I have only in the last year or two really done much experting (I mostly spent my time counseling firms to avoid problems, when I'm not teaching, writing, speaking, or just hanging). Frankly, I've seen some people that I respect, or respected, say some things that just are flat wrong, and that they would never say in public.
Perhaps I'm Polly-Anna-ish (sp?), but when it comes to ethics, saying things in an ethics report that are flat wrong -- that you would never say in public -- seems, well, unethical.
Just an observation, but I wonder if the rest of you have noticed? I know that sometimes we are blinded by our own views, but I've read some real doozies.
Any thoughts?
For a good start on this topic, see here: http://legalethicsforum.typepad.com/blog/2008/07/bill-simons-rej.html.
Posted by: Andrew Perlman | October 28, 2009 at 09:30 PM
I wrote about this issue in “Ethical Ends and Ethical Means,” 41 Jour. Legal Ed. 55, (1991), and in “Trials of an Ethics Expert Witness,” Legal Times, May 23, 1994. The latter article said in part:
Stuart Taylor has written an article in American Lawyer, “Sleazy in Seattle,” about a case involving dishonest discovery tactics designed to cover up smoking-gun documents, and about the expert testimony that sought to justify the tactics. I have also seen expert testimony that directly contradicts what the expert himself has written in a treatise or article on ethics.

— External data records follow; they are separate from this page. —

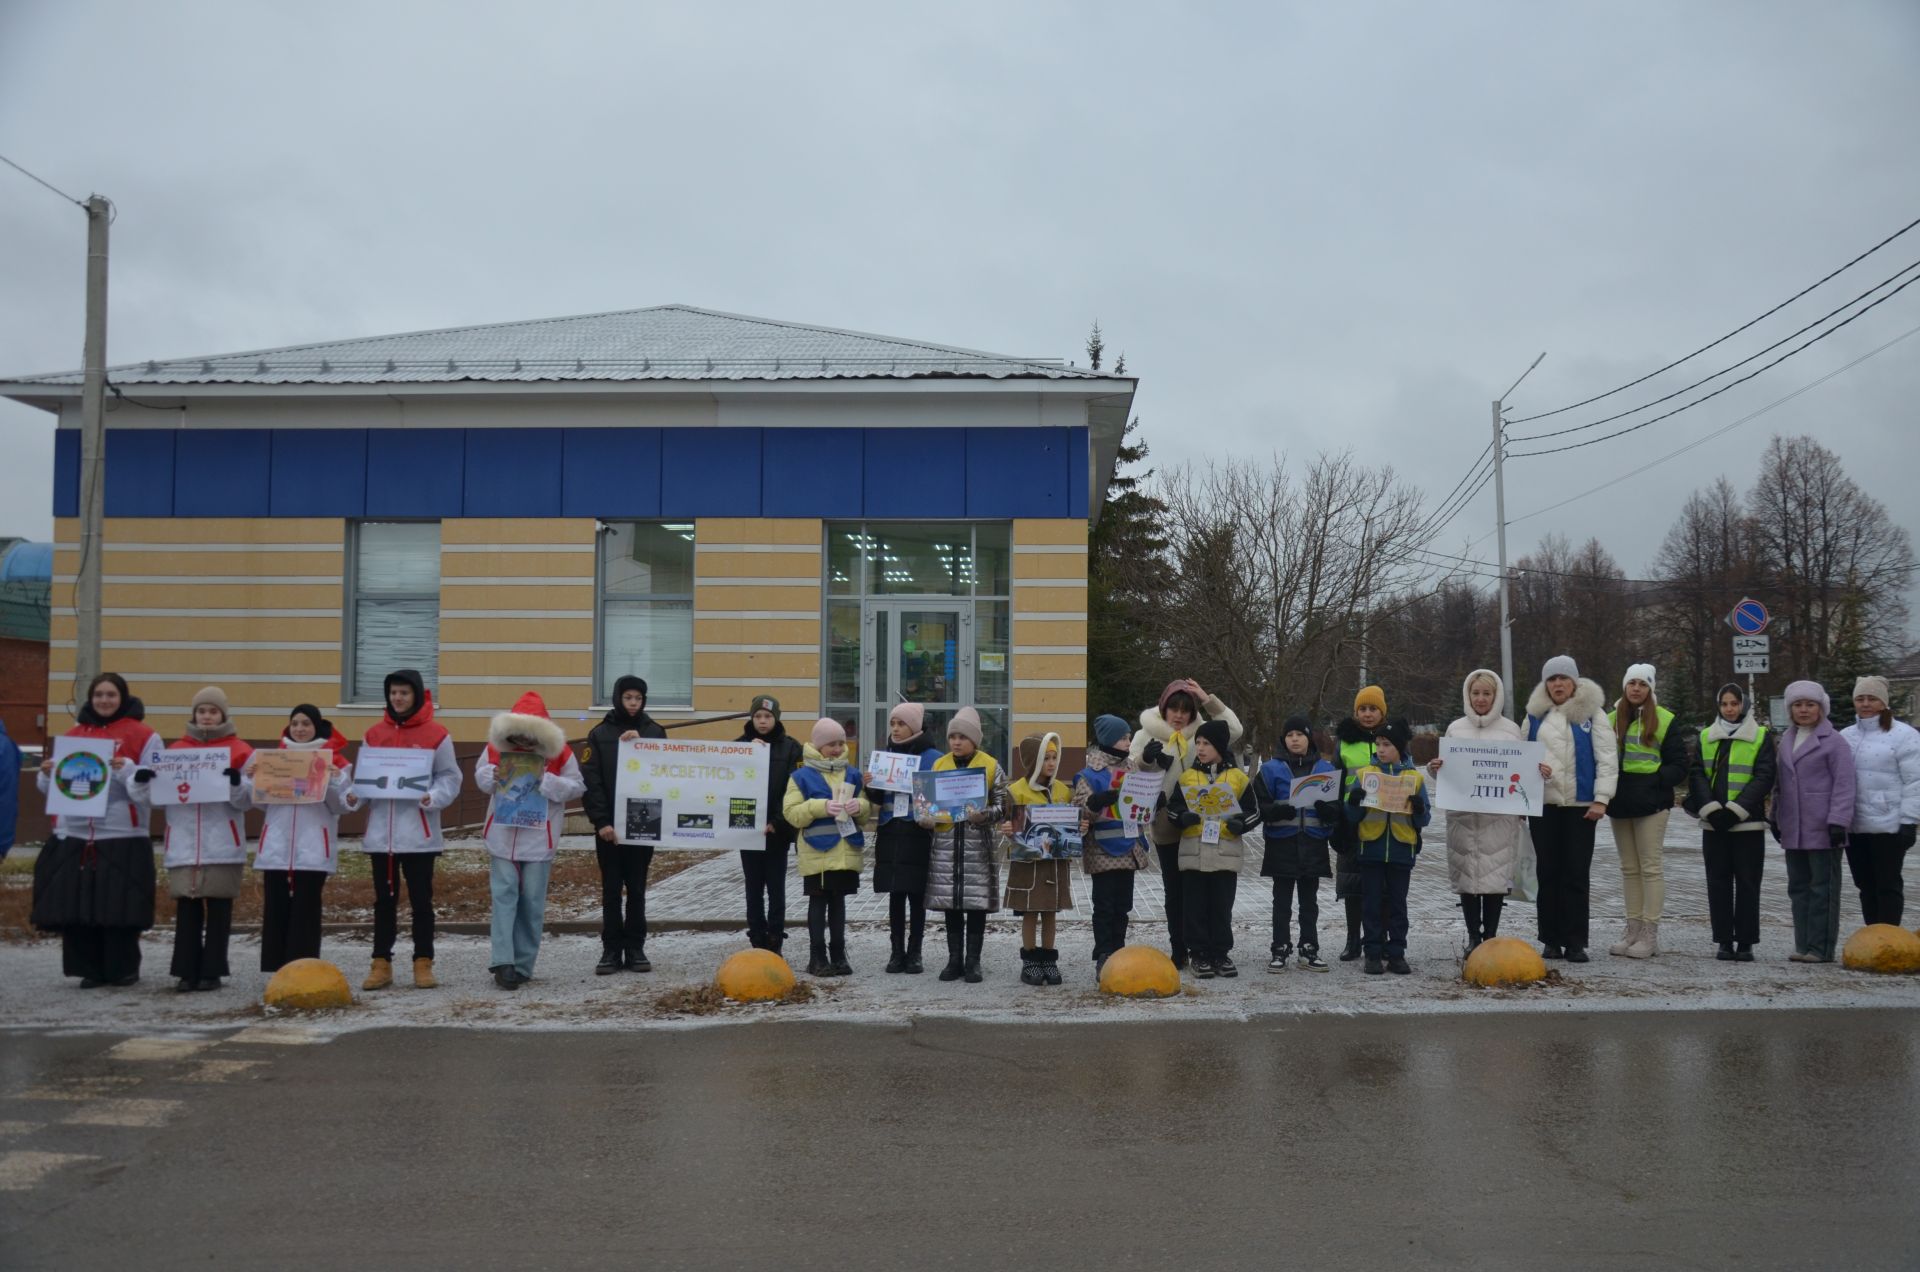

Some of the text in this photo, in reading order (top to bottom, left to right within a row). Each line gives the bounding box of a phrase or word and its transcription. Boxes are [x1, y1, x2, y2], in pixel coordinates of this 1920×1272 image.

[1744, 660, 1754, 668] 20
[634, 742, 660, 751] СТАНЬ
[662, 743, 706, 753] ЗАМЕТНЕЙ
[721, 746, 753, 755] ДОРОГЕ
[1450, 746, 1522, 756] ВСЕМИРНЫЙ ДЕНЬ
[1472, 760, 1508, 769] ПАМЯТИ
[650, 763, 736, 781] ЗАСВЕТИСЬ
[1476, 773, 1504, 781] ЖЕРТВ
[1366, 779, 1378, 789] 40
[1470, 785, 1505, 798] ДТП

I once talked with an ethics professor about a colleague who often seems to be serving as an advocate, rather than giving his true opinion, when testifying as an expert. I disapproved, saying that the roles are significantly different -- that there are arguments that I could readily make as an advocate that I couldn't present under oath as my expert opinion. But the other professor demurred. In his view, our colleague and I simply have a "philosophical difference" about whether an expert witness is nothing more than a advocate who happens to be sitting in a witness chair.

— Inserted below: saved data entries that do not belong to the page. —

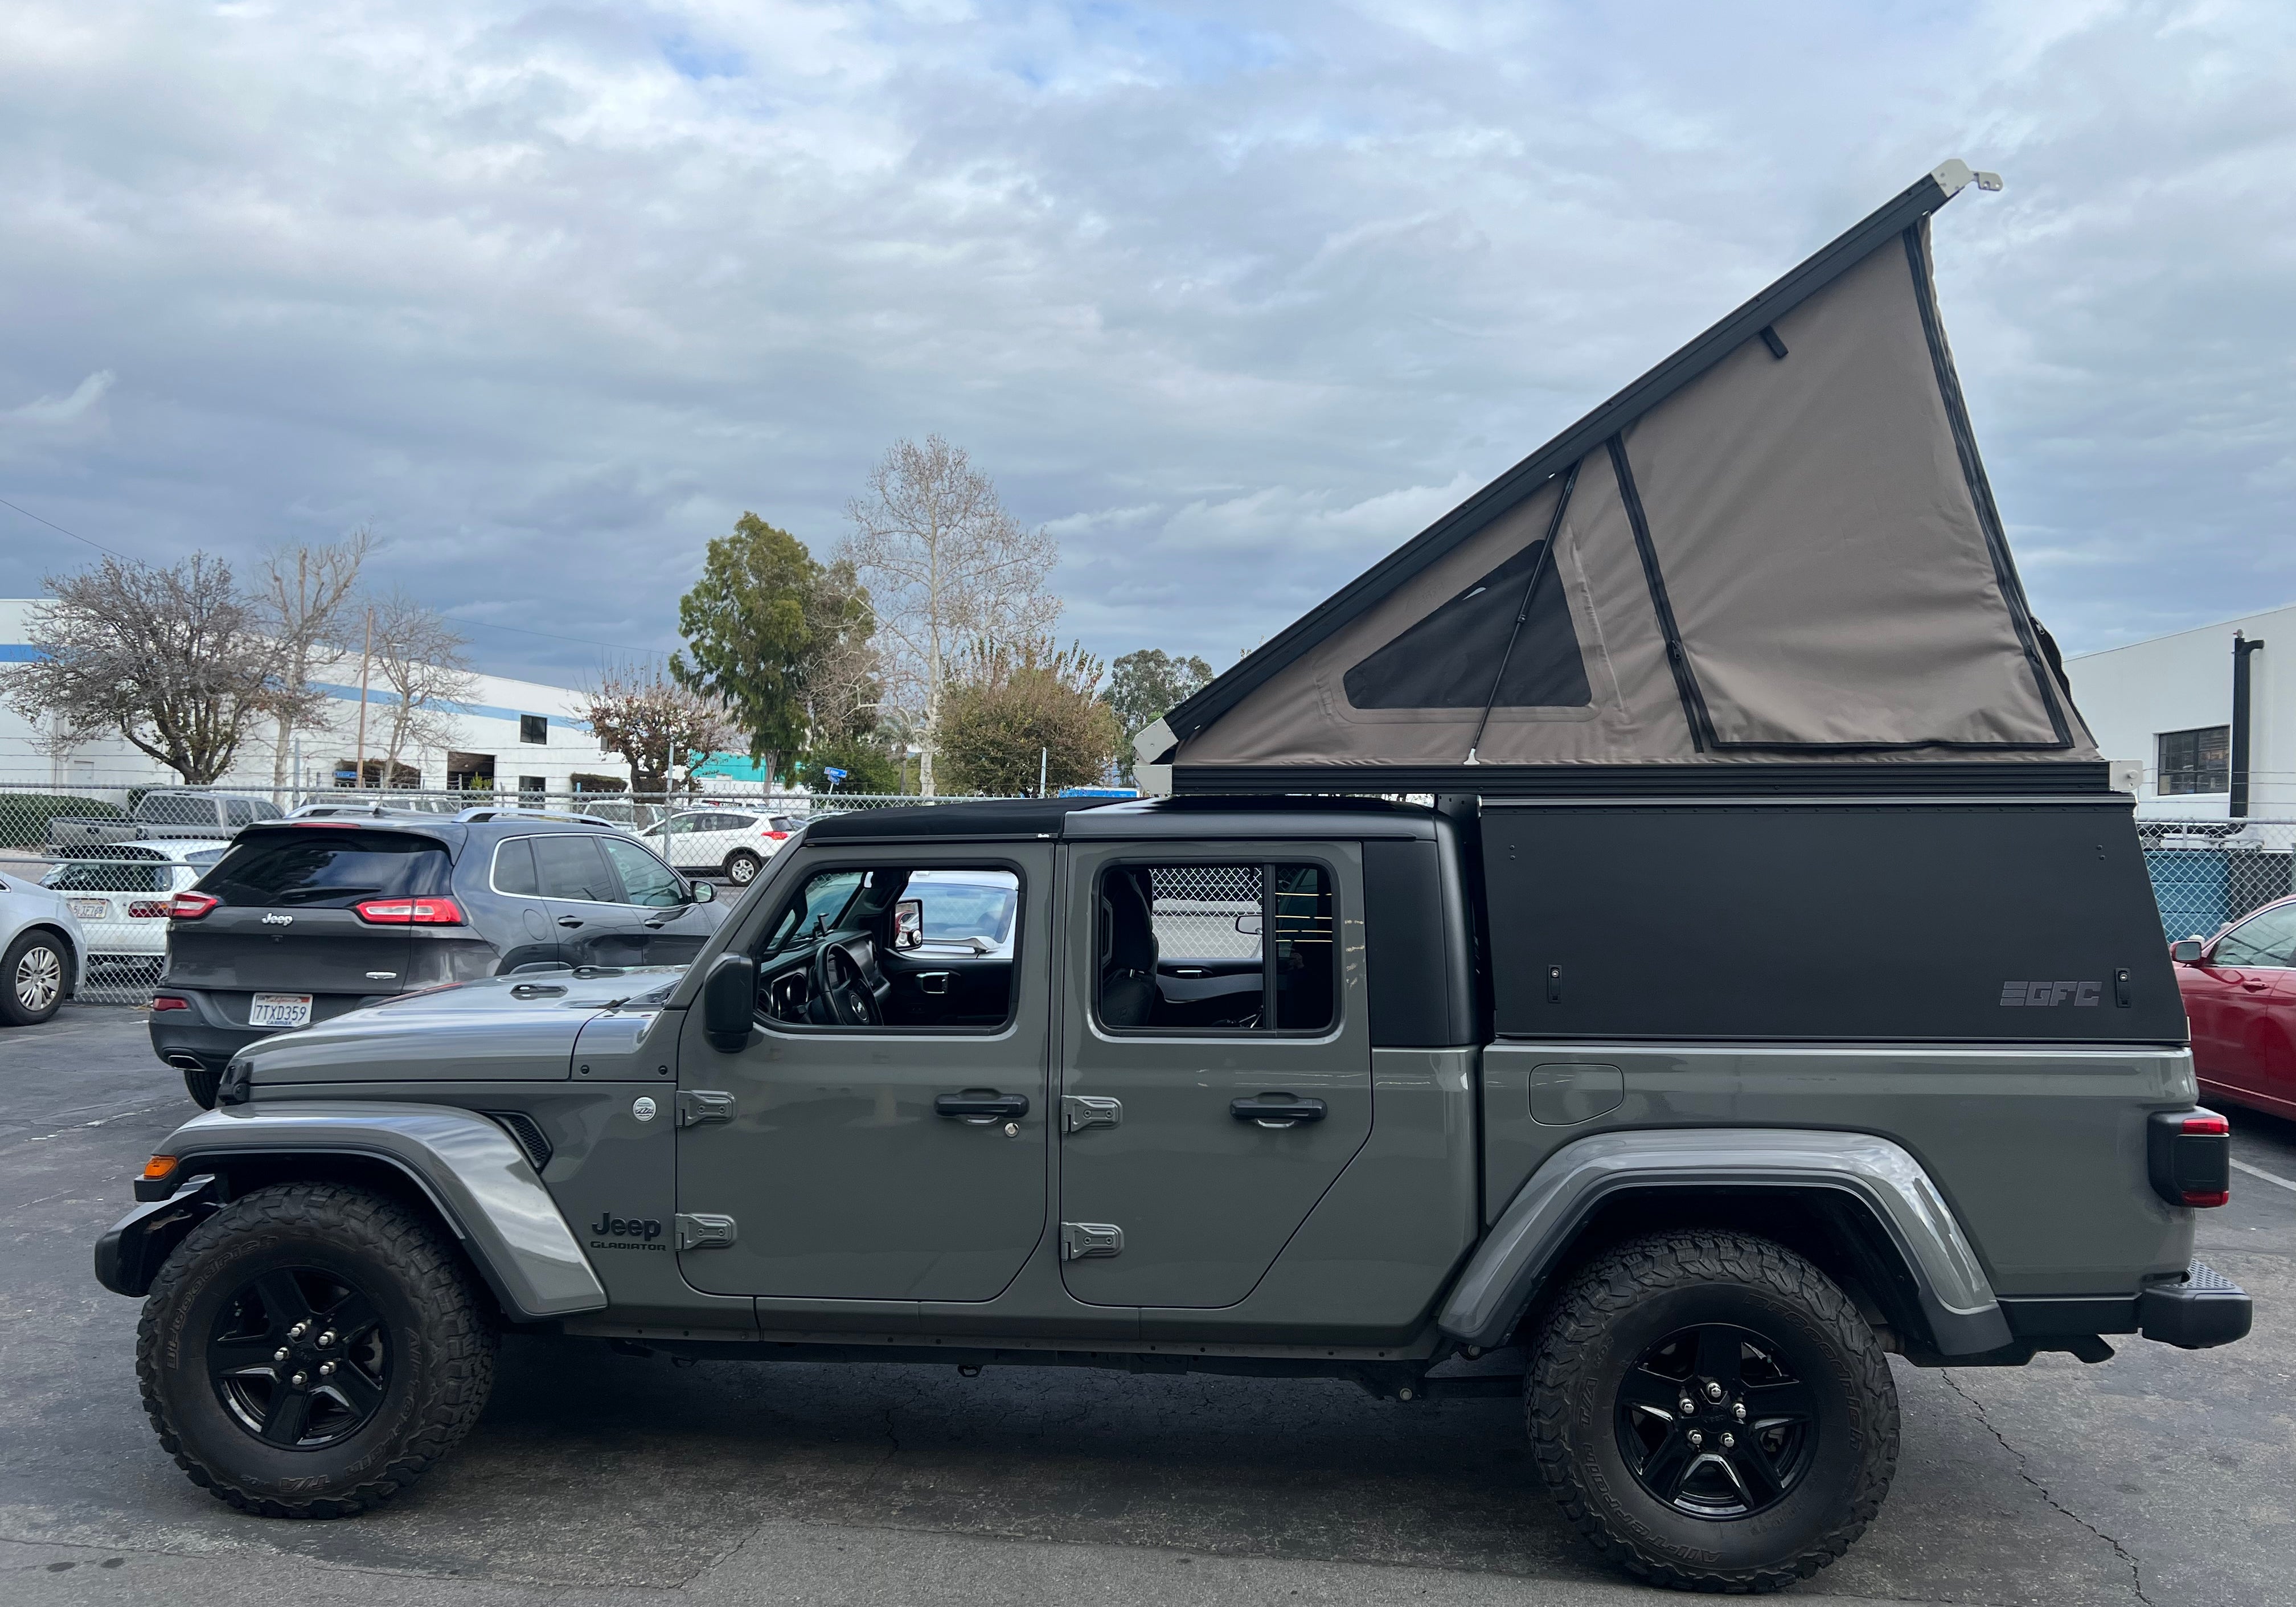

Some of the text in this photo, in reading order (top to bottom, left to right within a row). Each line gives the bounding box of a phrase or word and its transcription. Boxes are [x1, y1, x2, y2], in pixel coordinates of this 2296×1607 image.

[261, 912, 293, 926] Jeep
[2024, 981, 2102, 1006] GFC
[256, 1005, 306, 1021] 7TXD359
[592, 1211, 661, 1241] Jeep
[590, 1241, 666, 1251] GLADIATOR
[1578, 1377, 1598, 1428] T/A

At one point, I considered proposing a special code of ethics for expert witnesses on lawyers' ethics. But such a code would be redundant. Both the Model Code of Professional Responsibility (1969) and the Model Rules of Professional Conduct (1983) proscribe conduct involving dishonesty, fraud, deceit, or misrepresentation. DR 1-102(A)(4); MR 8.4(c). Also, a lawyer is forbidden to make a false statement of fact or law to a tribunal. DR 7-102(A)(5); MR 3.3(a)(1). Those provisions adequately preclude a lawyer from engaging in the kinds of improper conduct described in the American Lawyer article, or from falsely presenting an advocate's contentions as if they were the scholar's own disinterested judgments.